Warta

Aliansi Rakyat Melawan: PMII Samarinda dan PMII Kukar Geruduk DPRD Provinsi Kalimantan Timur

Aliansi Rakyat Melawan: PMII Samarinda dan PMII Kukar Geruduk DPRD Provinsi Kalimantan Timur/Foto: Aktivis Autentik

Aktivis Autentik - Kalimantan Timur merupakan wilayah berlimpah dengan kekayaan alam yang dimilikinya, tentu hal ini dapat mendatangkan kesejahteraan apabila dimanfaatkan untuk kemakmuran rakyat, sebagaimana termaktub dalam Pasal 33 ayat (3) UUD NRI Tahun 1945 yang menjelaskan bahwa Bumi dan air dan kekayaan alam yang terkandung di dalamnya dikuasai oleh negara dan dipergunakan untuk sebesar-besarnya kemakmuran rakyat.

Dalam bingkai pertambangan batubara, Indonesia merupakan negara dengan  produksi batubara terbesar di dunia. Menurut catatan Kementerian Energi dan Sumber Daya Mineral (ESDM) produksi batubara Indonesia mencapai 600 juta ton pertahun. Hal ini dipengaruhi oleh tersedianya sumber daya dan cadangan batubara yang tersimpan di sejumlah daerah yang ada di Indonesia mencapai 38,84 miliar ton dan tersebar di beberapa provinsi. Posisi Kalimantan Timur dalam hal ini menjadi provinsi penghasil batubara terbesar di Indonesia dan potensi cadangan batubara mencapai 13,61 miliar ton.

Dengan kondisi potensial yang dimiliki, Kalimantan Timur tentu menjadi daya tarik bagi para oligarki untuk berbisnis melalui pertambangan batubara. Akan tetapi, hal ini menjadi masalah yang terurai dari beberapa tahun lalu hingga sekarang. Karena, hal ini tentu bukan masalah baru dan memiliki keberlanjutan yang panjang disetiap tahunnya bagaimana kejahatan pertambangan batubara illegal selalu bermunculan. Dengan maraknya pertambangan ilegal tentu sangat berdampak buruk bagi kehidupan sosial masyarakat, ekonomi dan lingkungan karena pengrusakan yang ditimbulkan.

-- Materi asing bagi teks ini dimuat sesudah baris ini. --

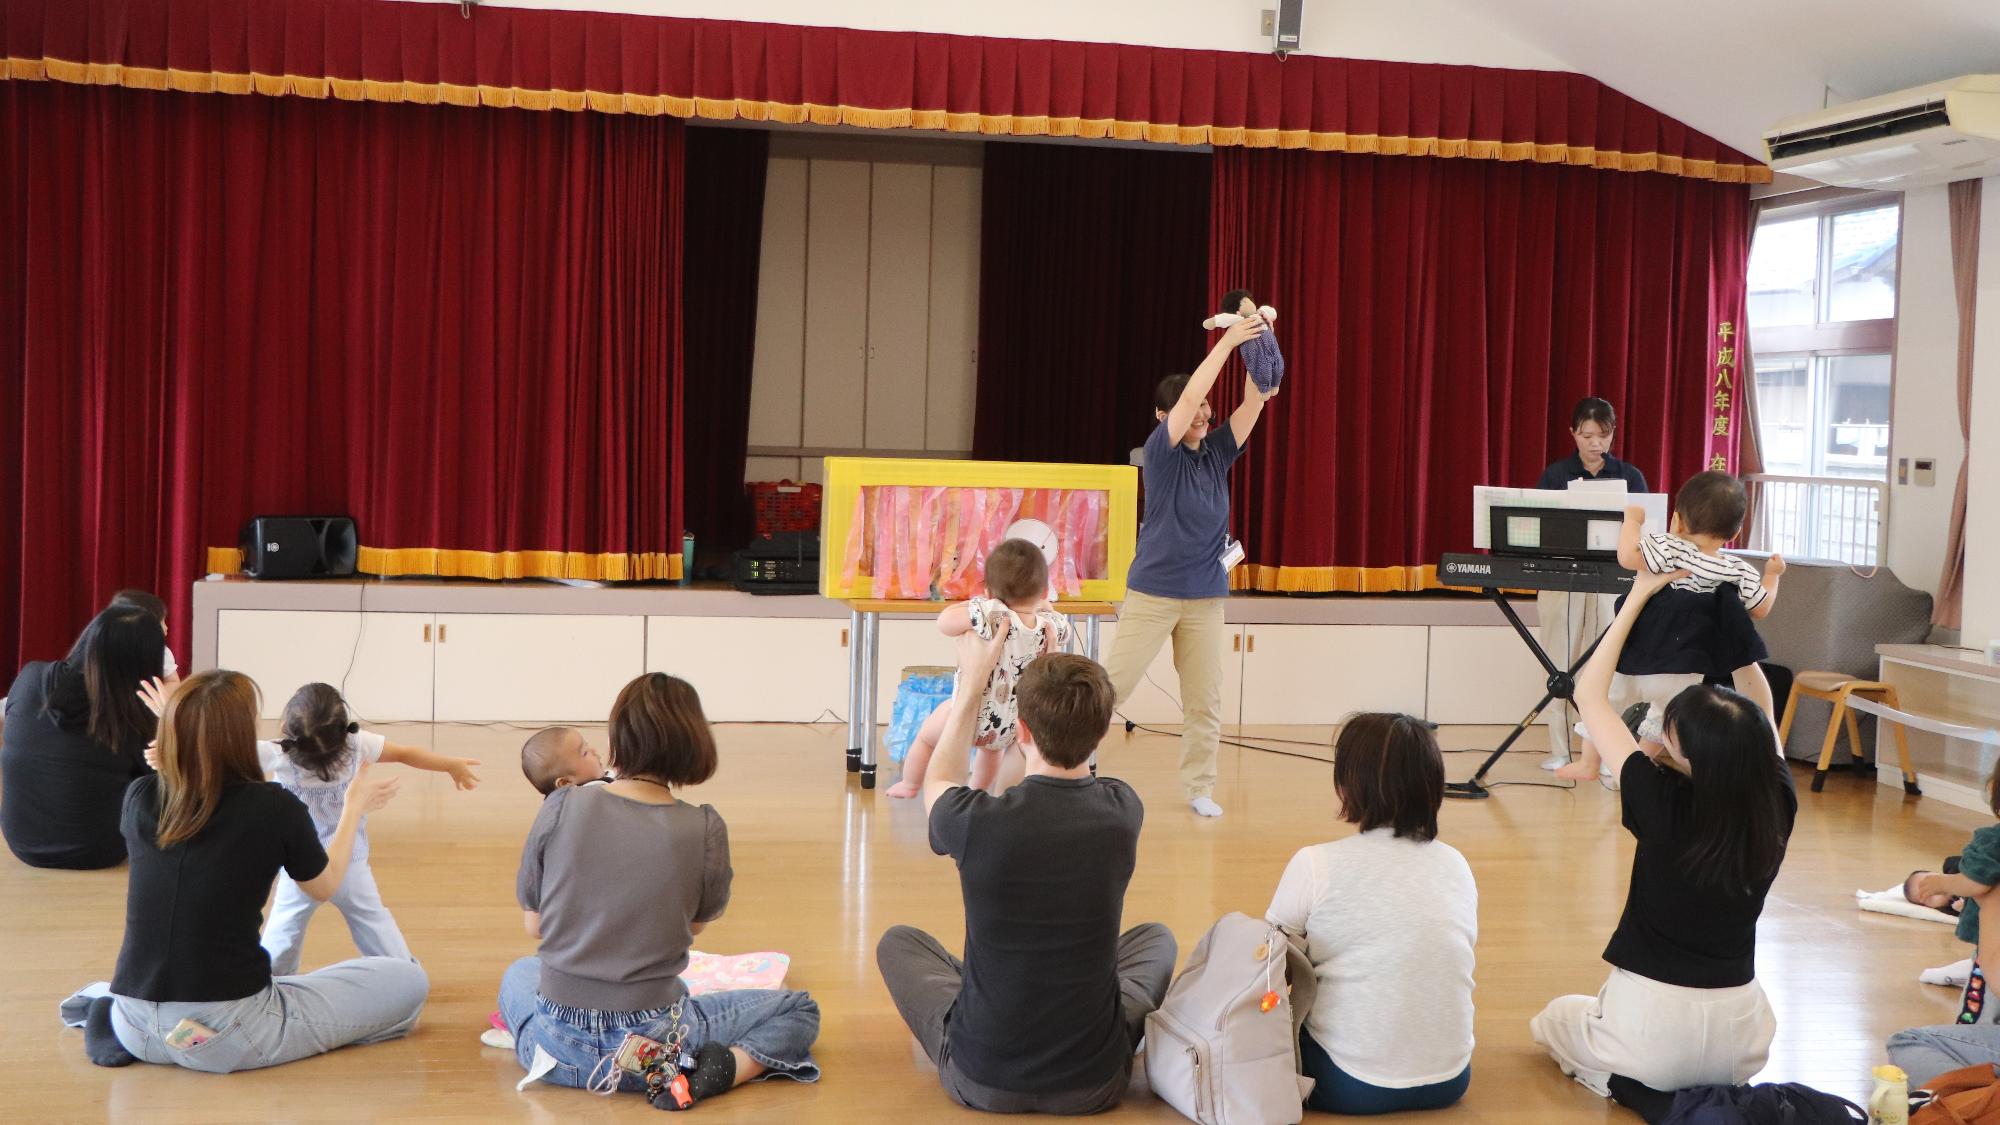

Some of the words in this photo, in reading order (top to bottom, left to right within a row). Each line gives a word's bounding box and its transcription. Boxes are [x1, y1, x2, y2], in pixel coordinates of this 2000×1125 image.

[1711, 321, 1736, 436] 平成八年度
[1457, 563, 1492, 575] YAMAHA

Kerusakan lingkungan di beberapa titik wilayah Kalimantan Timur terus menerus terjadi akibat hadirnya pertambangan ilegal. Aktivitas pertambangan ilegal tidak hanya memperparah kerusakan lingkungan di wilayah Kalimantan Timur melainkan juga membahayakan keselamatan ruang hidup serta merugikan negara dengan hilangnya Pendapatan Negara Bukan Pajak (PNBP) dan Penerimaan Pajak Negara. Selain itu aktivitas ini sulit diurai dikarenakan banyak pihak yang terlibat, diperparah pula dengan aparat penegak hukum beserta pemerintah gagal dalam melakukan pemberantasan.

Pertambangan ilegal merupakan kejahatan lingkungan yang terstruktur, karena aktivitas tersebut dilakukan tanpa izin dan cenderung melibatkan banyak pihak sehingga mustahil dituntaskan apabila tidak ada keberanian aparat penegak hukum dalam menyelesaikannya. 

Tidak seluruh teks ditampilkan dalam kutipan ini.